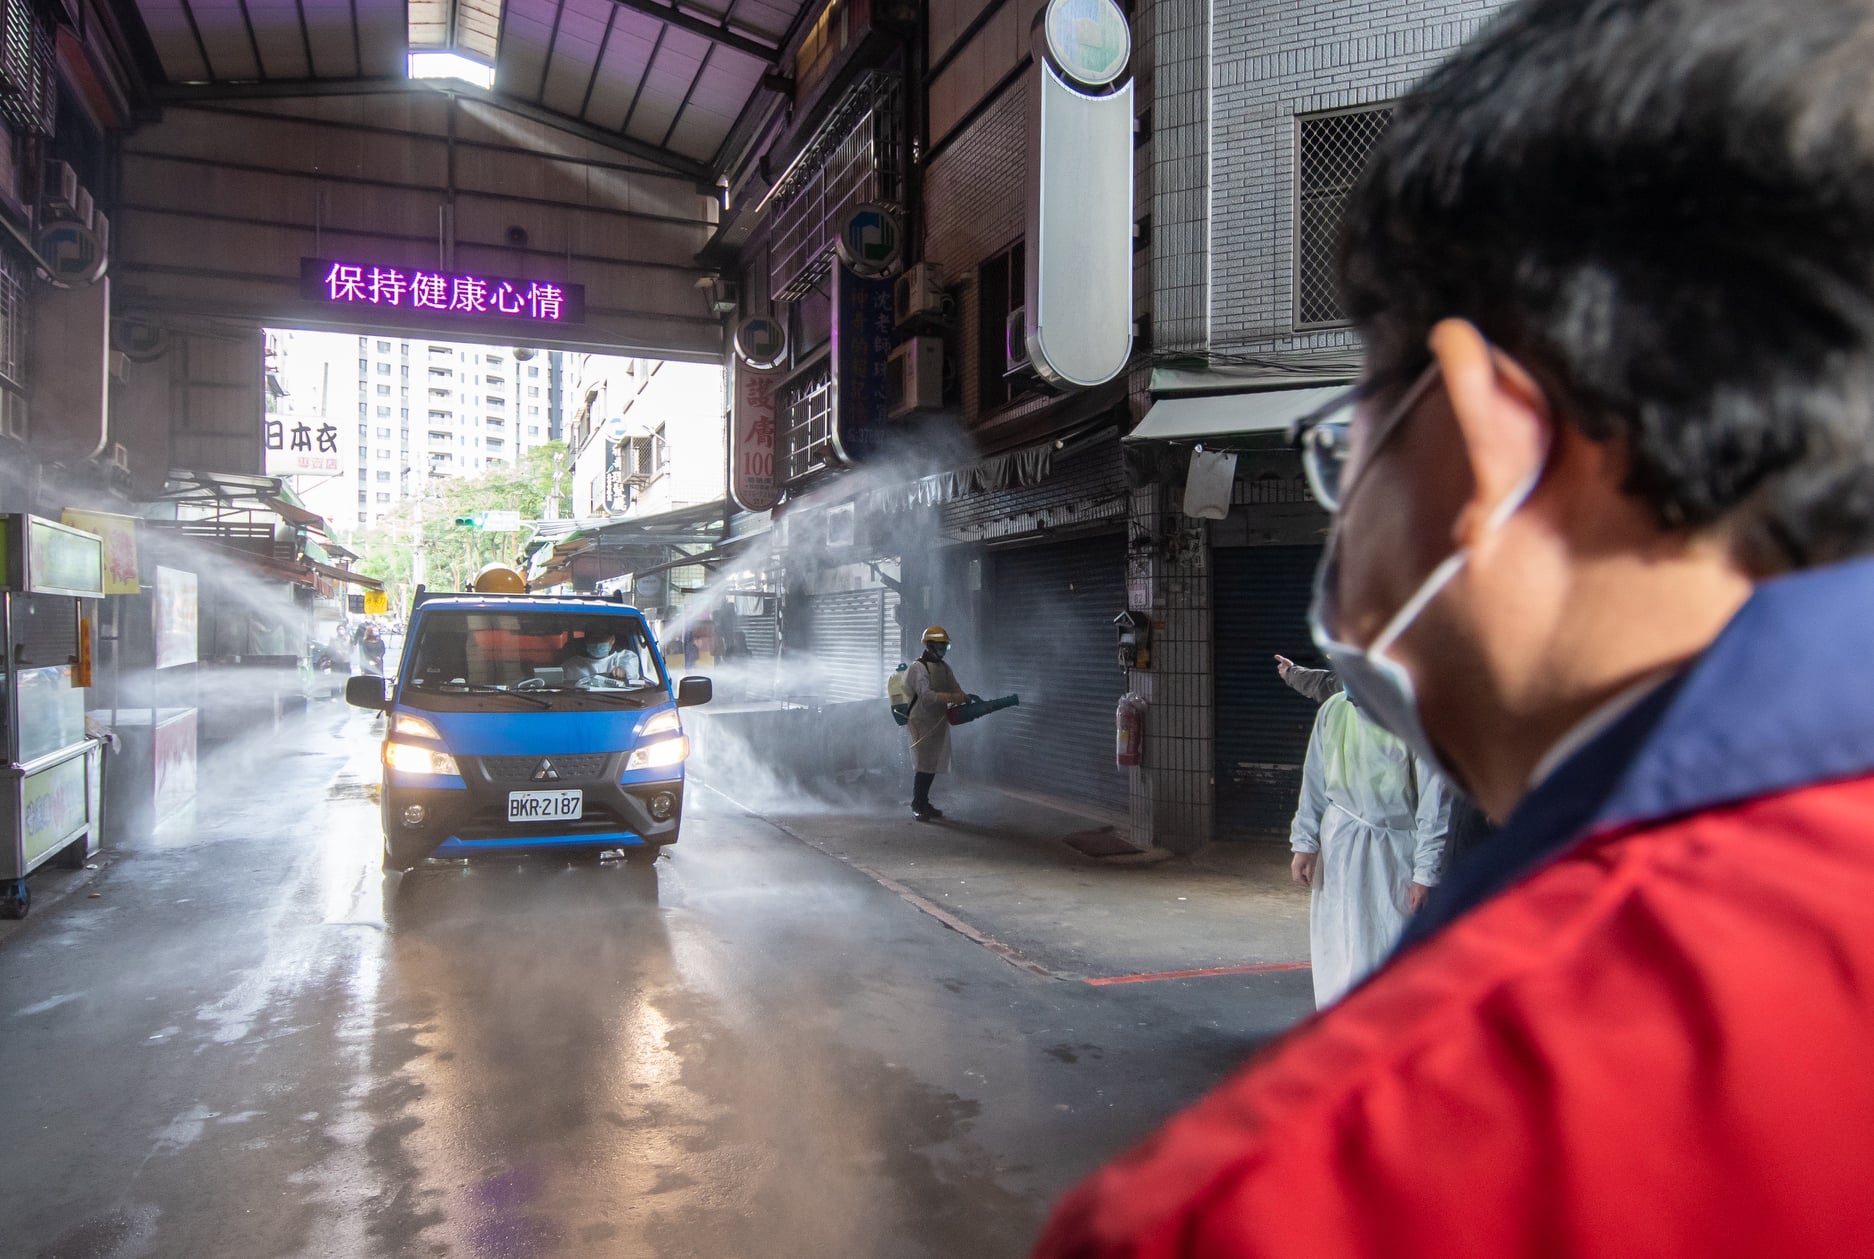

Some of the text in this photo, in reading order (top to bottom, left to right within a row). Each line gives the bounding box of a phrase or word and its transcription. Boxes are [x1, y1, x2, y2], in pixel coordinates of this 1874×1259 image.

[325, 263, 564, 320] 保持健康心情
[744, 376, 775, 449] 護膚
[744, 451, 774, 476] 100
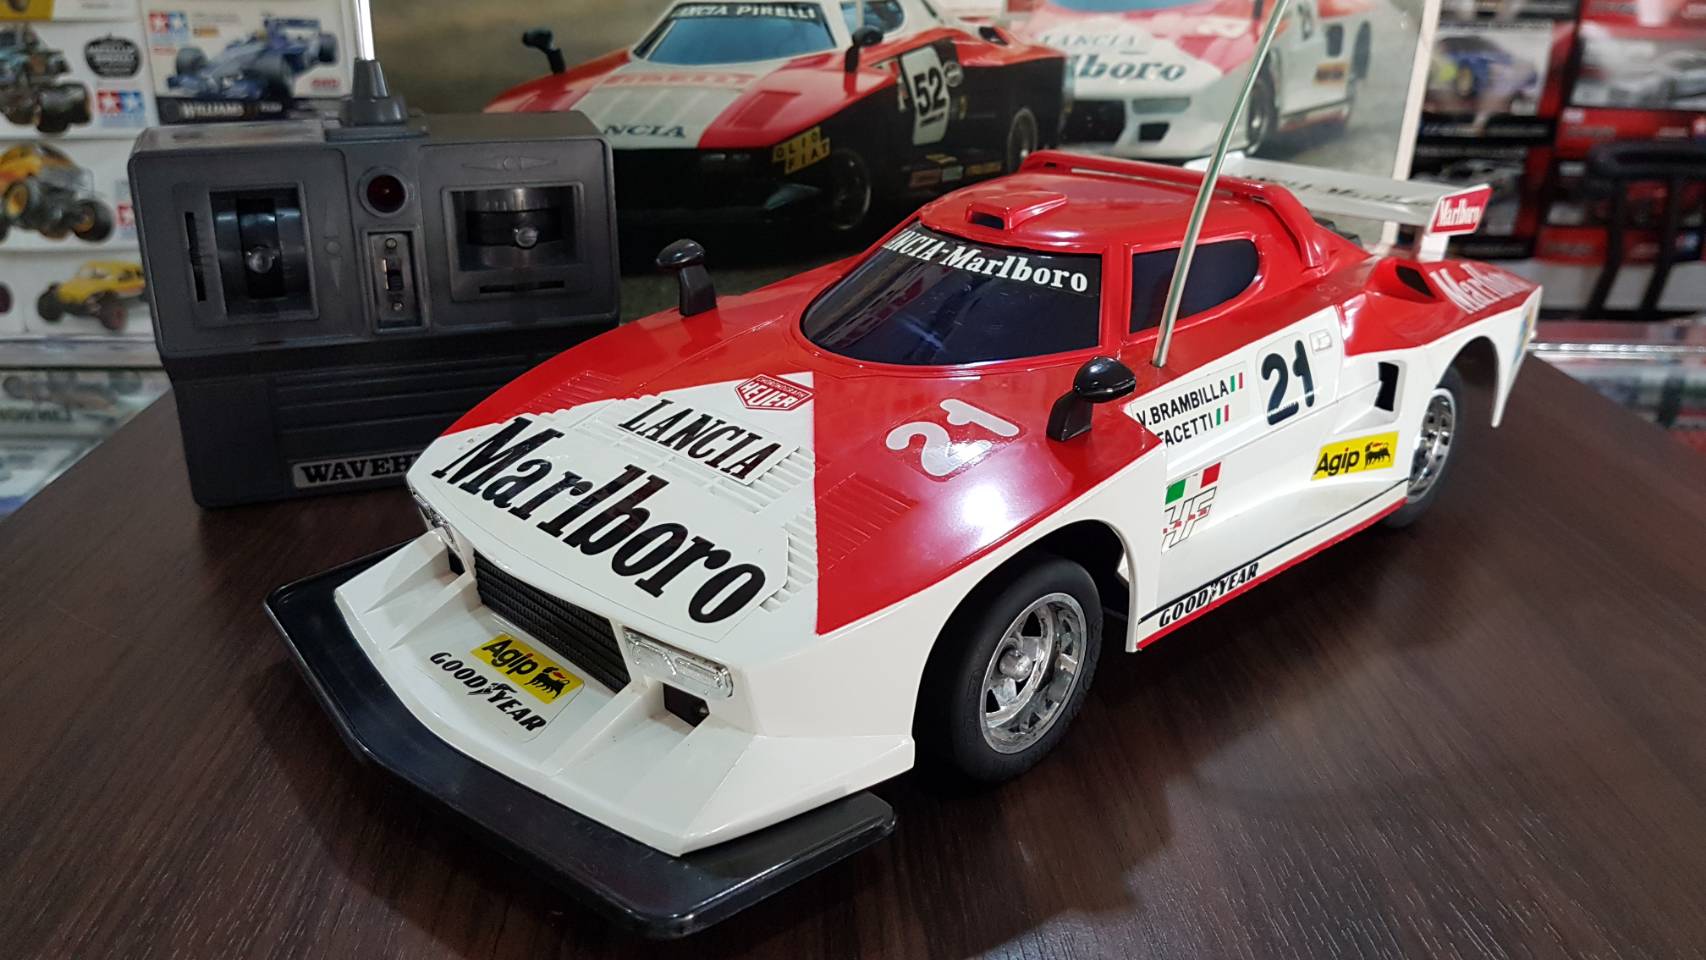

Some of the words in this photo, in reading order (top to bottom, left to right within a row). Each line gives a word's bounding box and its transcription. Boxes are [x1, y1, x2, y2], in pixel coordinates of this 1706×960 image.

[736, 5, 816, 18] PIRELLI
[913, 67, 947, 116] 52
[740, 380, 798, 408] HEUER
[1136, 379, 1229, 428] V.BRAMBILLA
[1260, 339, 1315, 426] 21
[618, 398, 783, 480] LANCIA
[885, 398, 1020, 477] 21
[1314, 447, 1360, 477] Agip
[431, 416, 766, 624] Marlboro
[481, 638, 539, 676] Agip

• What you should do
Word for word, repeat the lines from the one holding "Some of the words" through the last line of the entries, both included.

• Exercise solution
Some of the words in this photo, in reading order (top to bottom, left to right within a row). Each line gives a word's bounding box and its transcription. Boxes are [x1, y1, x2, y2], in pixel coordinates of this 1706×960 image.

[736, 5, 816, 18] PIRELLI
[913, 67, 947, 116] 52
[740, 380, 798, 408] HEUER
[1136, 379, 1229, 428] V.BRAMBILLA
[1260, 339, 1315, 426] 21
[618, 398, 783, 480] LANCIA
[885, 398, 1020, 477] 21
[1314, 447, 1360, 477] Agip
[431, 416, 766, 624] Marlboro
[481, 638, 539, 676] Agip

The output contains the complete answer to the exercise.